AstrBotDevs AstrBot Arbitrary Code Execution Vulnerability via Malicious Plugin Upload

A vulnerability allowing arbitrary code execution has been identified in AstrBot versions through 4.22.1. This issue arises in the 'install-upload' endpoint, specifically within the 'install_plugin_upload' function of 'astrbot/dashboard/routes/plugin.py'. The vulnerability allows authenticated users to upload malicious ZIP files containing Python code, which is then executed on the server without any verification or sandboxing. The exploitation can be performed remotely, and a public exploit is available.

Impact

Exploitation of this vulnerability allows authenticated users to execute arbitrary Python code on the server, with the same privileges as the AstrBot process. This could lead to a full server compromise, including unauthorized access to sensitive data such as API keys and chat history, and the potential installation of backdoors for future access.

Reproduction

To reproduce this vulnerability, first create a malicious plugin ZIP file that includes a 'metadata.yaml' file and a 'main.py' file.
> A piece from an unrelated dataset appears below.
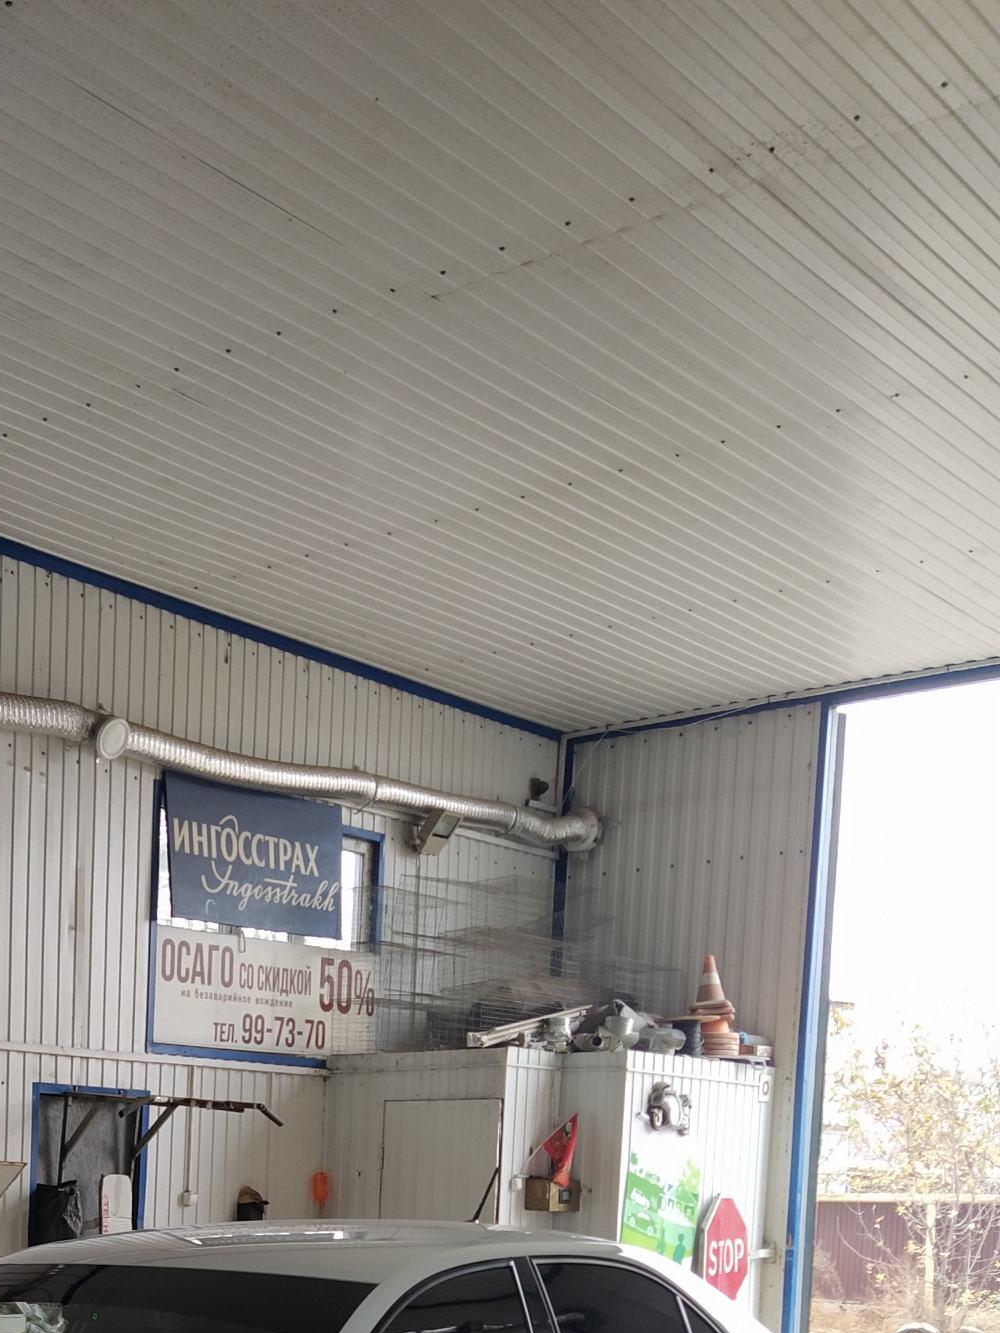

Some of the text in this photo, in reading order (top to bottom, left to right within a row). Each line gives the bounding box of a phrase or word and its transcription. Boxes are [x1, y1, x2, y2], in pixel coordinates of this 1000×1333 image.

The 'main.py' file should contain code that executes arbitrary commands, such as writing to a file. Once the ZIP file is prepared, it can be uploaded through the '/api/plugin/install-upload' endpoint using a POST request. After the upload, the executed code can be verified by checking the contents of the file that was written to.

Remediation

Users are advised to update to AstrBot version 4.23.0 or later, where this vulnerability has been addressed.